───── Material for this exercise ─────

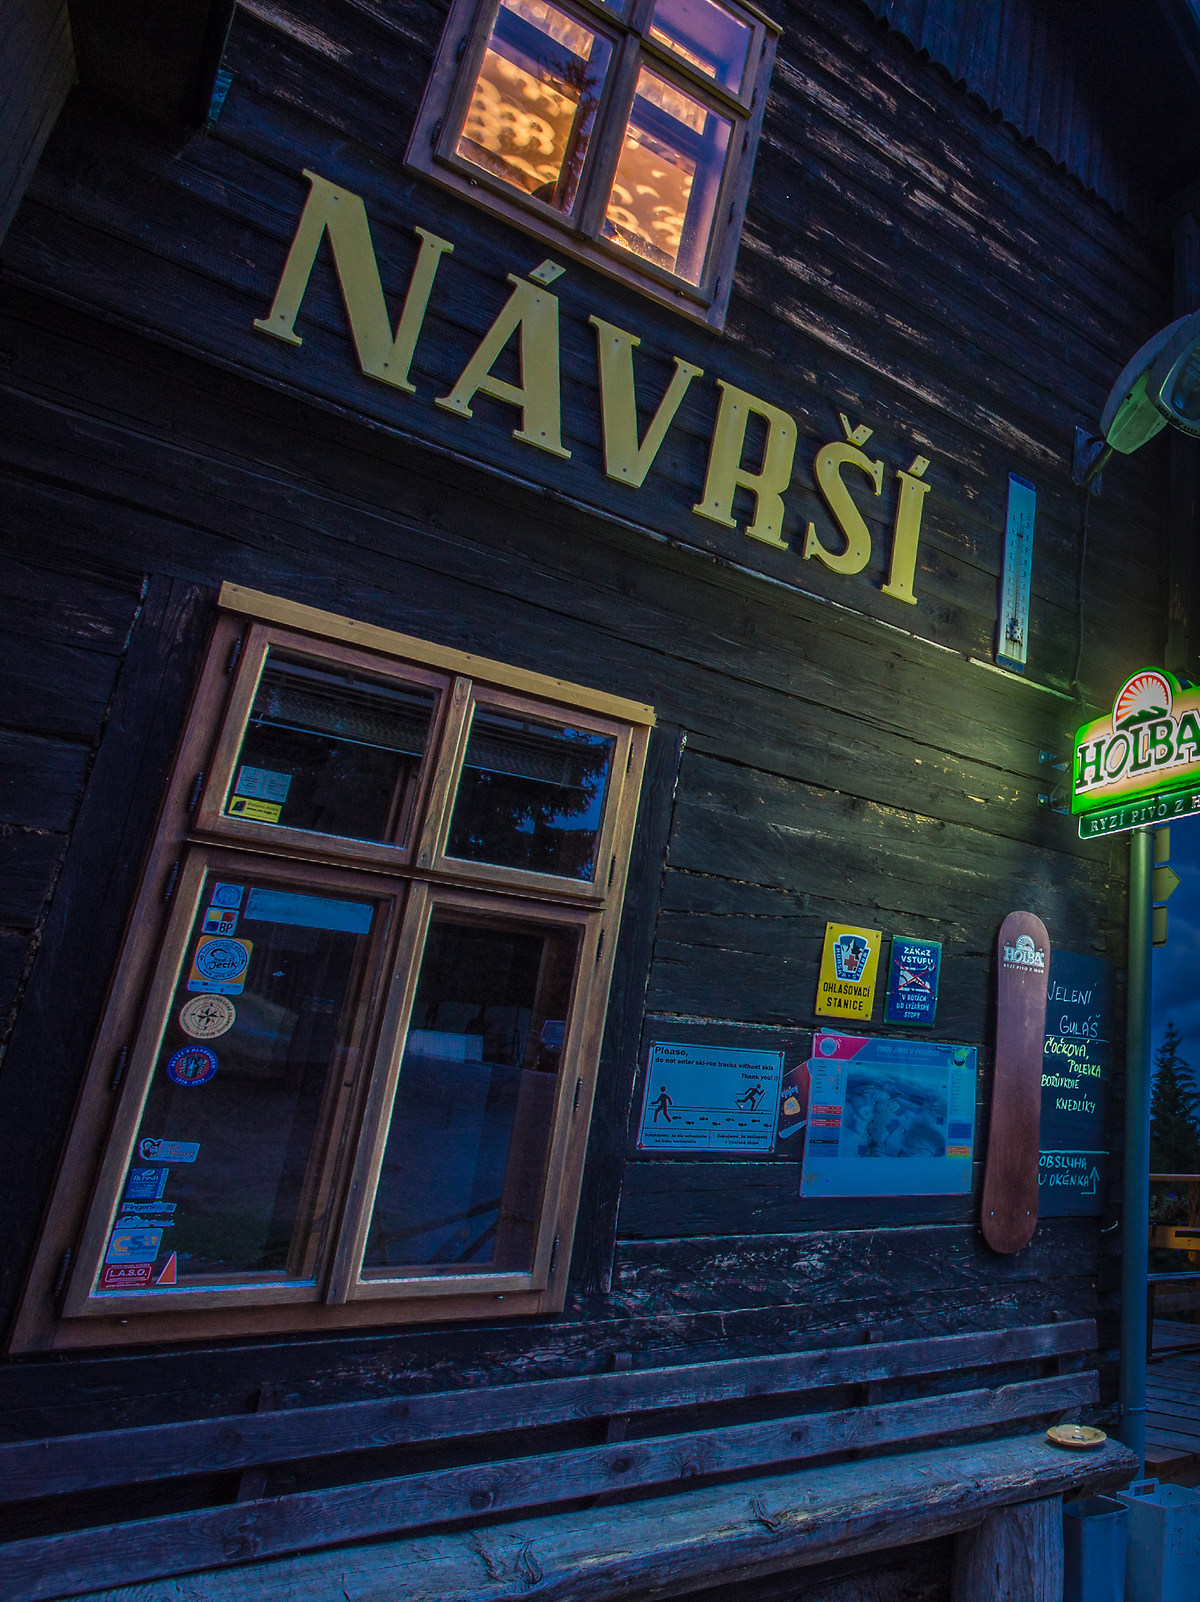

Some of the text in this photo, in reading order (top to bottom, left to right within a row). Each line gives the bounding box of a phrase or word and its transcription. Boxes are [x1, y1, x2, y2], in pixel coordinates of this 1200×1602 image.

[253, 168, 931, 604] NÁVRŠÍ
[1090, 810, 1124, 832] RYZÍ
[1131, 803, 1167, 823] PIVO
[1174, 799, 1184, 813] Z
[1003, 945, 1045, 968] HOLBA
[823, 982, 871, 998] OHLAŠOVACÍ
[1047, 981, 1097, 1005] JELENÍ
[826, 997, 864, 1011] STANICE
[1059, 1014, 1101, 1038] GULÁŠ
[655, 1047, 689, 1057] Please,
[760, 1074, 773, 1082] you!
[1055, 1093, 1096, 1113] KNEDLÍKY
[1039, 1155, 1087, 1170] OBSLUHA
[1038, 1169, 1089, 1187] U OKÉNKA
[109, 1268, 147, 1277] L.A.S.O.

─────

# How to complete this task:
The entries above are to be restated verbatim, with no pictures carried over.

# Result:
Some of the text in this photo, in reading order (top to bottom, left to right within a row). Each line gives the bounding box of a phrase or word and its transcription. Boxes are [x1, y1, x2, y2], in pixel coordinates of this 1200×1602 image.

[253, 168, 931, 604] NÁVRŠÍ
[1090, 810, 1124, 832] RYZÍ
[1131, 803, 1167, 823] PIVO
[1174, 799, 1184, 813] Z
[1003, 945, 1045, 968] HOLBA
[823, 982, 871, 998] OHLAŠOVACÍ
[1047, 981, 1097, 1005] JELENÍ
[826, 997, 864, 1011] STANICE
[1059, 1014, 1101, 1038] GULÁŠ
[655, 1047, 689, 1057] Please,
[760, 1074, 773, 1082] you!
[1055, 1093, 1096, 1113] KNEDLÍKY
[1039, 1155, 1087, 1170] OBSLUHA
[1038, 1169, 1089, 1187] U OKÉNKA
[109, 1268, 147, 1277] L.A.S.O.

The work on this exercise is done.